Monday, November 21, 2011

My first consultation

I woke up this morning excited and a little nervous. That "little" turned into a LOT by the time I was pulling up to the doctor's office. The stress of it all was making my head pound and the pain is still there a few hours later. I realize this is a big decision but my body is making it a bigger deal internally that I thought it would. However, I promised a overview of the experience so here I am.

The ladies at the front desk were super sweet, which is good because if they were bitches I would have turned and ran away. I'm in sales, so I know how important first impressions are and they can make or break it when it comes to the close.

I didn't sit long (I was late as usual) and was lead into an office where a nurse(?) or assistant or something like that had me sit and we went over my health and stats and whatnot. She was very sweet, but I knew that once again this was the part that helps with the "sale" so I didn't read too much into it.

Once that was over, she lead me into the doctor's office and had me sit to wait for him. He was in to see me about 2 minutes after, and because of this I right away felt rushed. He didn't offer to shake my hand, which is not a big deal, but then he sat down and started talking right away. It was as if he thought I'd heard it all before and was just recalling the important details so I didn't forget. Basically I got what would happen in a nutshell, no questions from me, just this is what I do, take it or leave it. I was on board with everything he said but it still felt odd. Then he told me to go next door, take of my shirt and put on a pink paper gown/top.

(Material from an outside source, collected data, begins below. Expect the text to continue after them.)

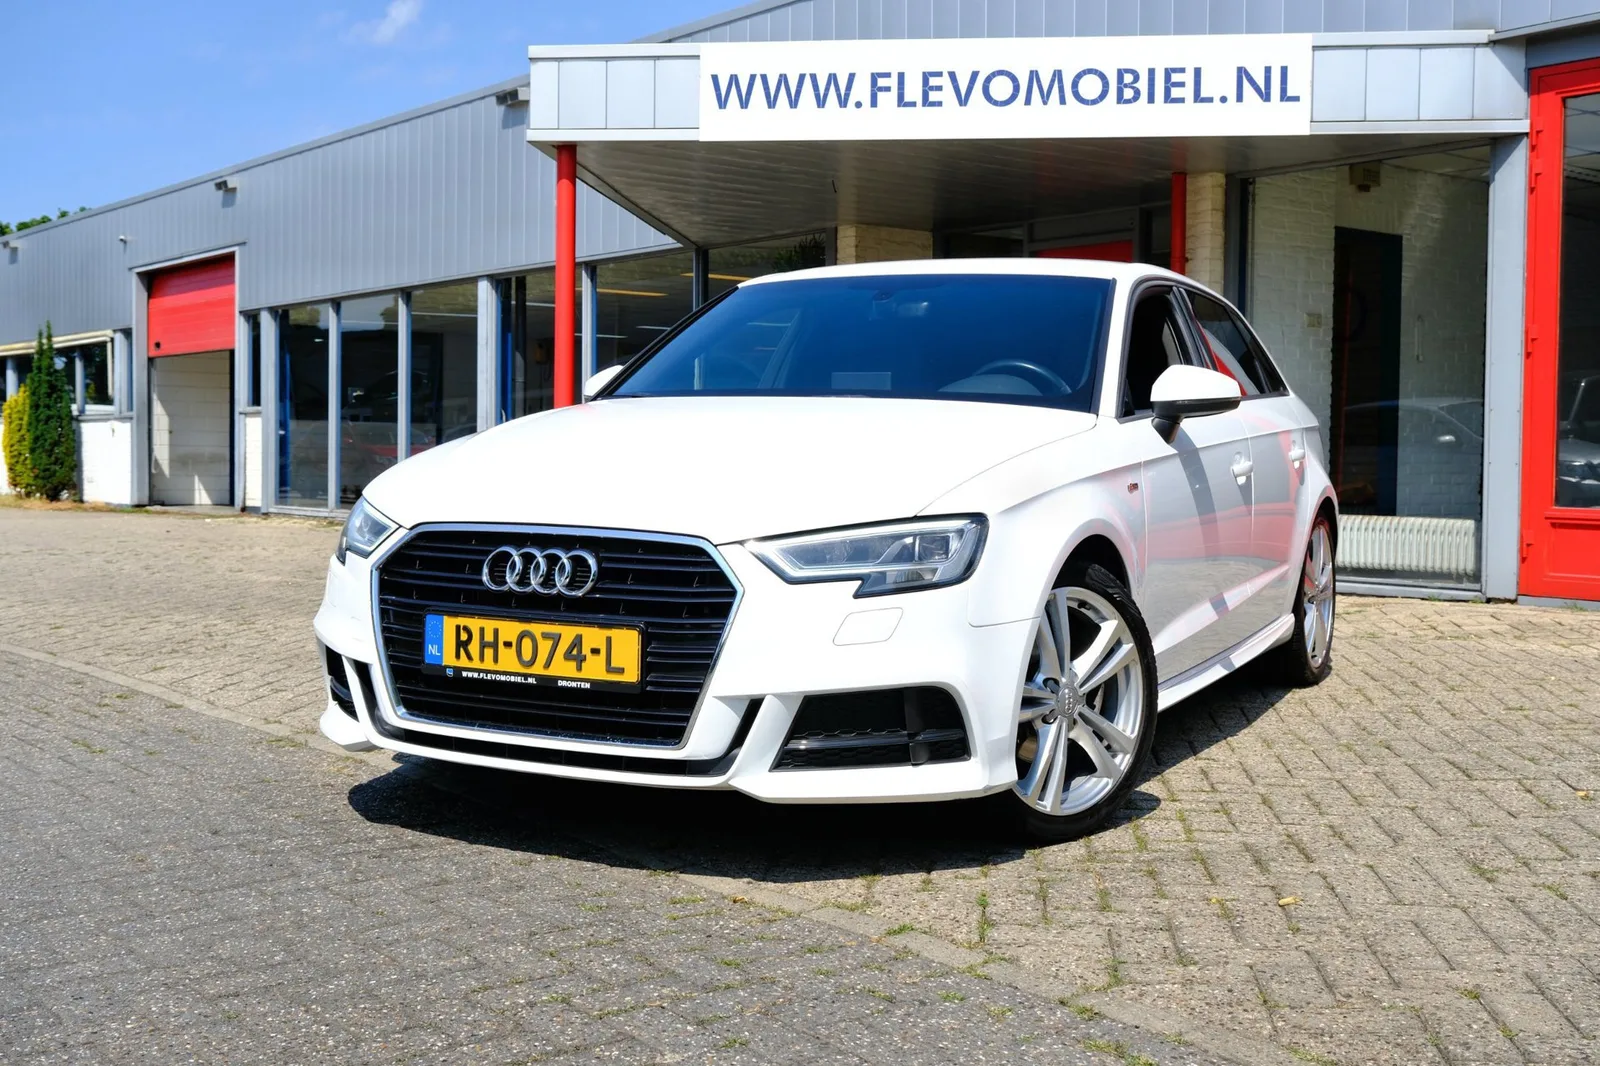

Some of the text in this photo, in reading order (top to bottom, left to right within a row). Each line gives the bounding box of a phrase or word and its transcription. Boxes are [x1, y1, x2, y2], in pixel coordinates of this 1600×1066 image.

[710, 65, 1301, 110] WWW.FLEVOMOBIEL.NL
[428, 644, 441, 656] NL
[455, 624, 625, 674] RH-074-L
[461, 671, 591, 689] WWW.FLEVOMOBIEL.NL DRONTEN
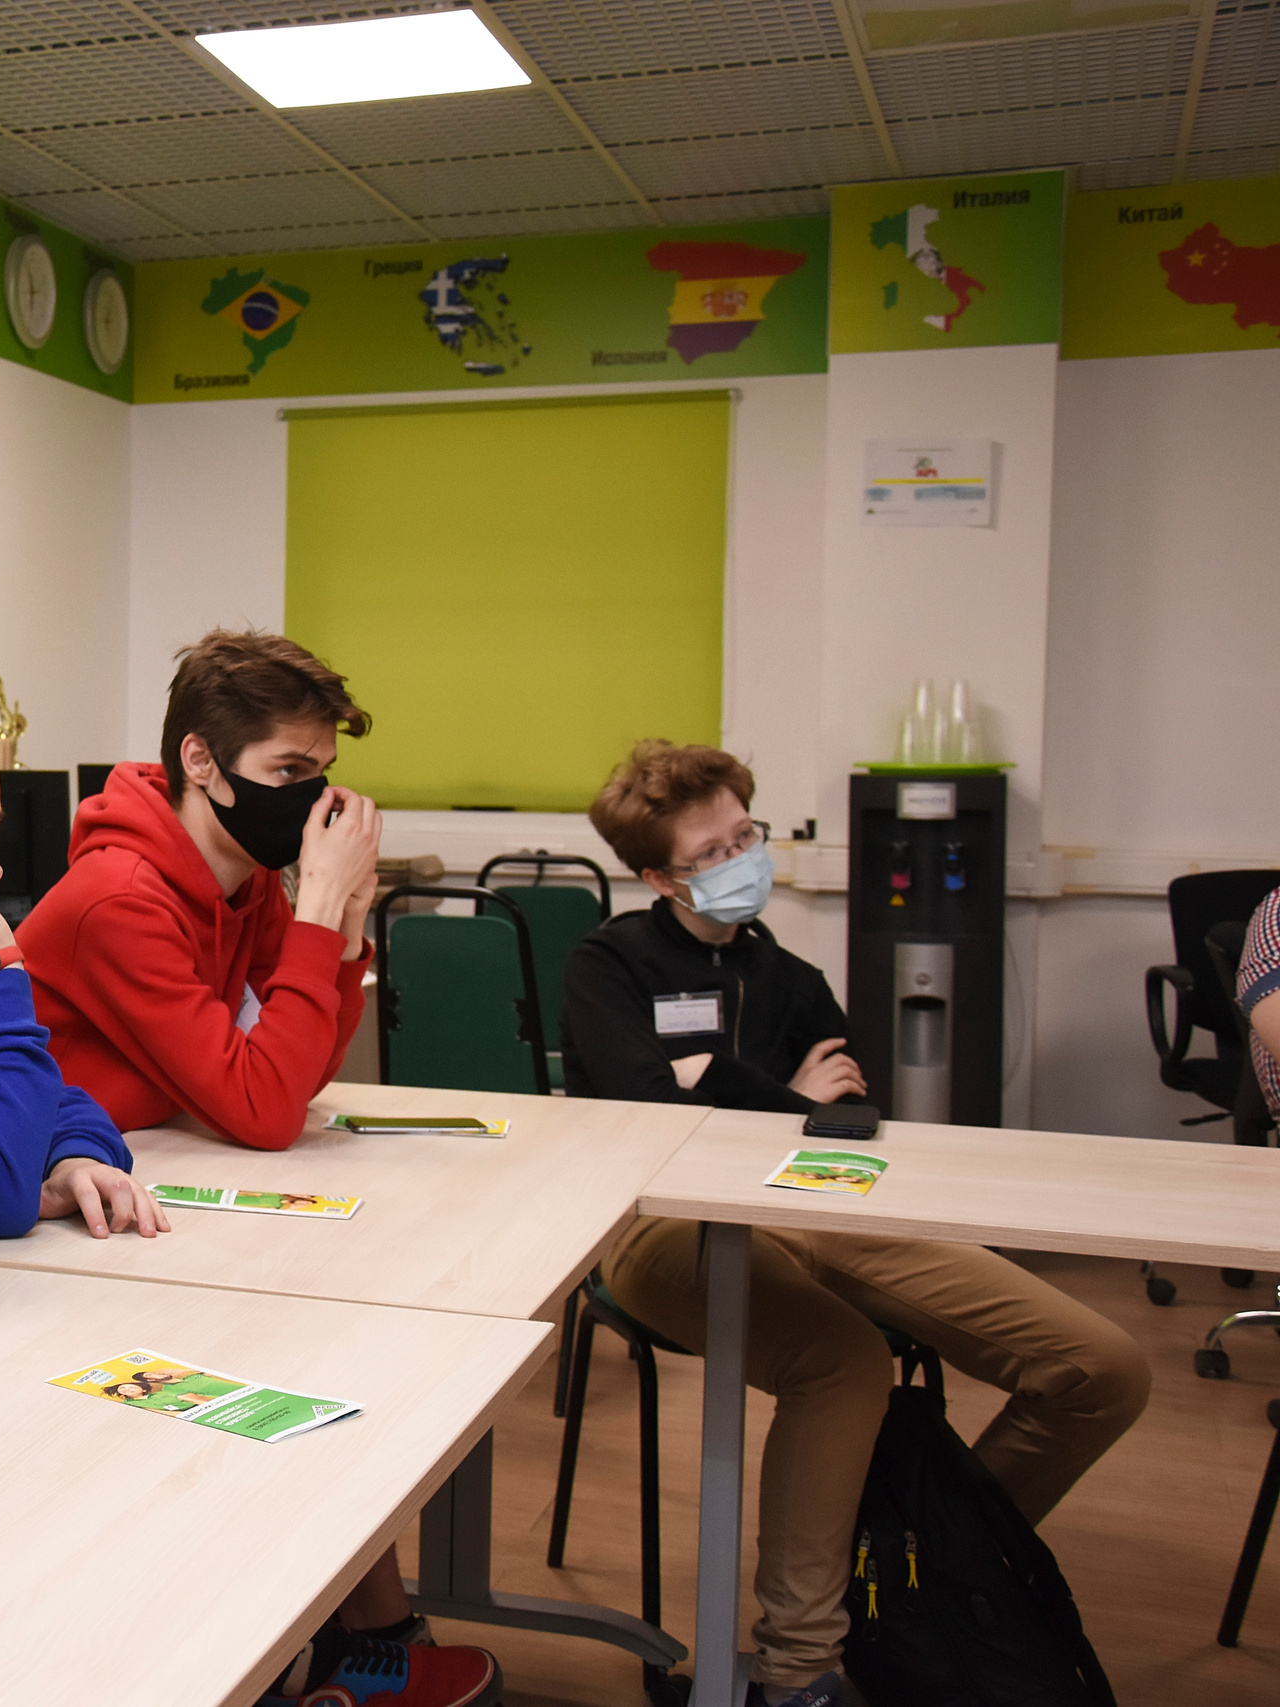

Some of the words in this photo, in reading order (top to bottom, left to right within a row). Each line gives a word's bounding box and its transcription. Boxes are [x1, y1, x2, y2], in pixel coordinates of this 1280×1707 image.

I honestly have no idea why they do that. I mean, I'm about to be completely naked in front of both of you, is being covered 2 more minutes really necessary? Sure enough, as soon as they were in the room it was off.

I went to stand in front of a big black sheet with a camera and flash staring at me from across the room. I could see the image being projected on a computer screen nearby. Honestly the embarrassment I suddenly felt wasn't from being naked in front of two strangers, it was from seeing myself on a computer screen. To lighten the mood I told them that this was unusual because "I'm naked on a computer screen and I'm not even getting paid". They both laughed, so it had it's desired effect. I, however, was still very much embarrassed.

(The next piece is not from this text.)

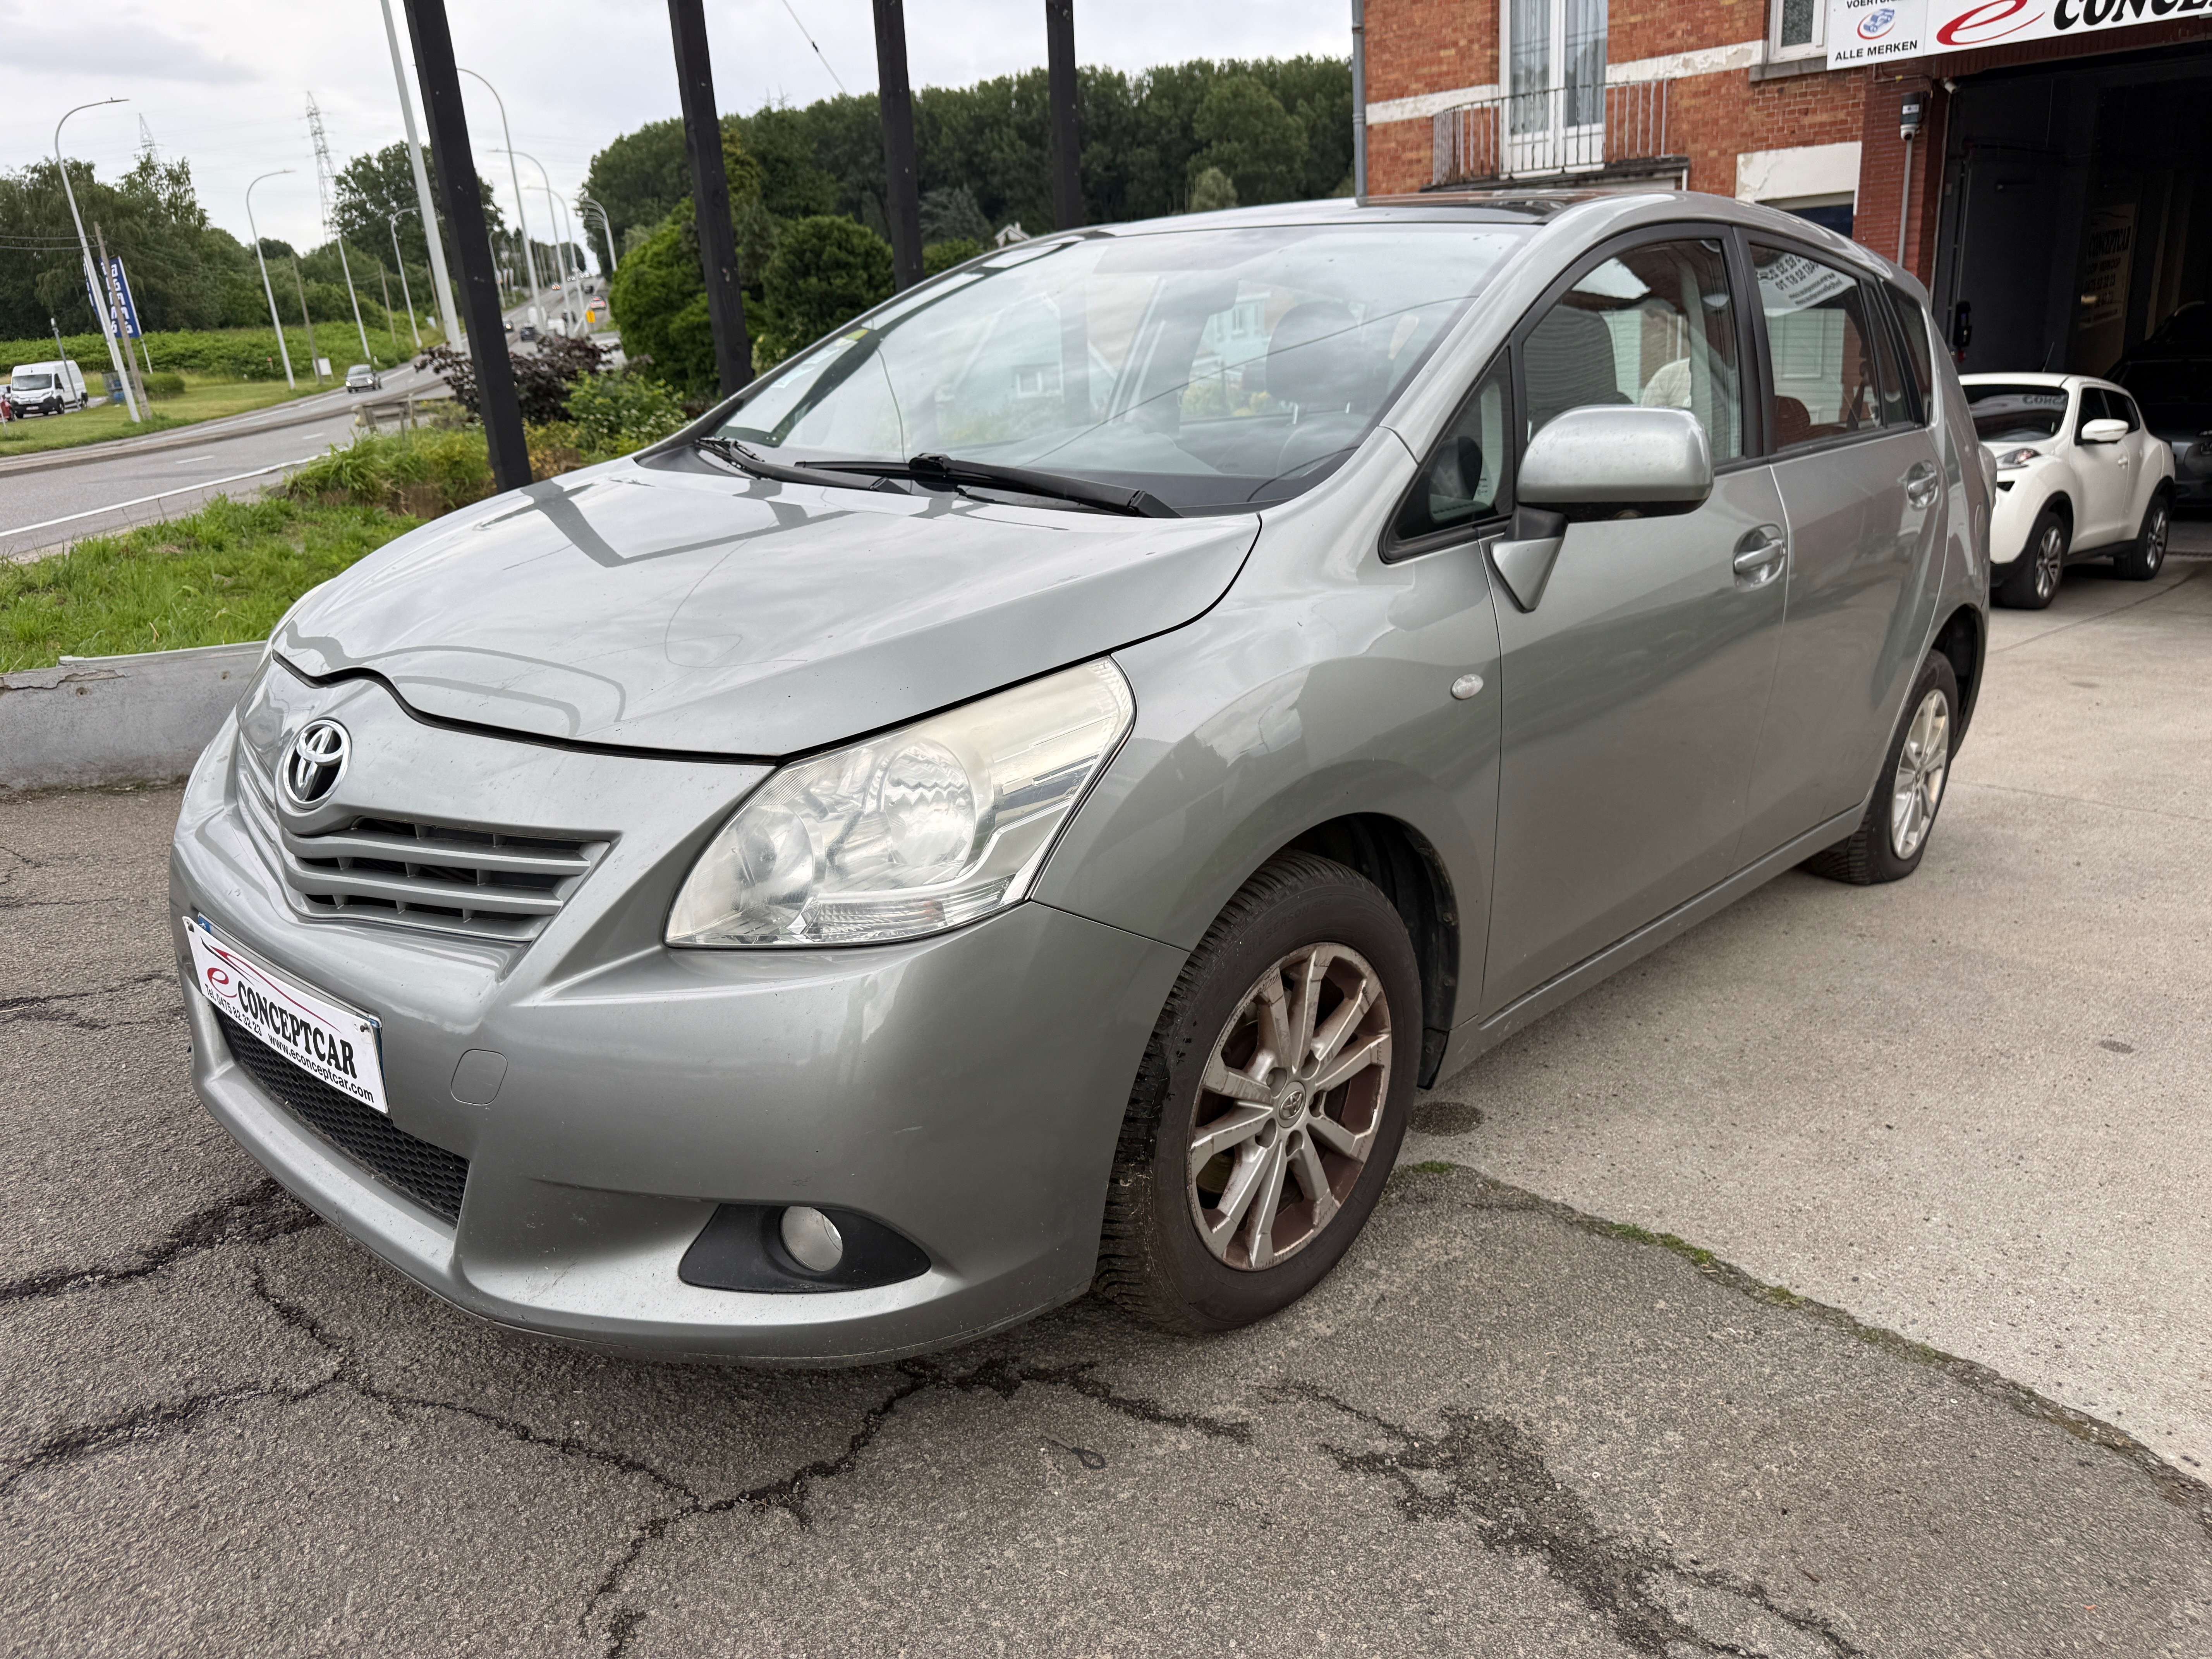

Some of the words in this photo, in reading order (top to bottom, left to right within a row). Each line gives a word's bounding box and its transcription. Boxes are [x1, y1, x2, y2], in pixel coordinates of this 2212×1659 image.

Once Dr. Loomis played around with my "area" and they both took a million pictures this way and that, they had me put on a sports bra that clasped in front and the "nurse" lady began taking silicone implants and "filling me up". It was the weirdest sensation, having them on me. They felt like breasts when I put my hands to my chest and for the first time I could imagine the after effects.

I want them now!

I understand that the process is going to take time, but it felt so normal wearing that bra. I felt like it looked perfectly natural and there I realized that I want bigger than I had guessed. The implant size that I finally (and I say finally because I took my sweet time trying to decide!) landed on was 420cc. It came to a full C, perhaps a small D if I wore a VS bra. (Nurse-lady says they run small. I wouldn't know since at the present moment they don't have my damn size!) Weird, but I was actually thinking maybe to go bigger than that, even though it was bigger than I was already planning. One side will need to be filled a little less because I'm slightly uneven, but over all it looked really good. I jokingly told her that now my boobs will finally match my ass and she laughed and told me that people pay a lot of money to have my ass. All I know is that it's what keeps my boys coming back, because it definitely isn't my boobs!!

Once I decided, long after the doctor excused himself, I met her back in the office to discuss the payment. I had a list of questions, and she answered them all to my satisfaction. Basically, if she were the one doing my surgery I'd have signed up in a heartbeat, she was fabulous. But she's not, so I'm left feeling a little want as far as he's concerned.

All in all, it went well. I'm going to be scheduling at least one more consultation, most likely two, to get a rounded (no pun intended!) experience. I'm glad the first one is over though, as I have an idea of what to ask and where to go from here much more than before today. On to the next one!!! (And off now to take some pain killers, OUCH!)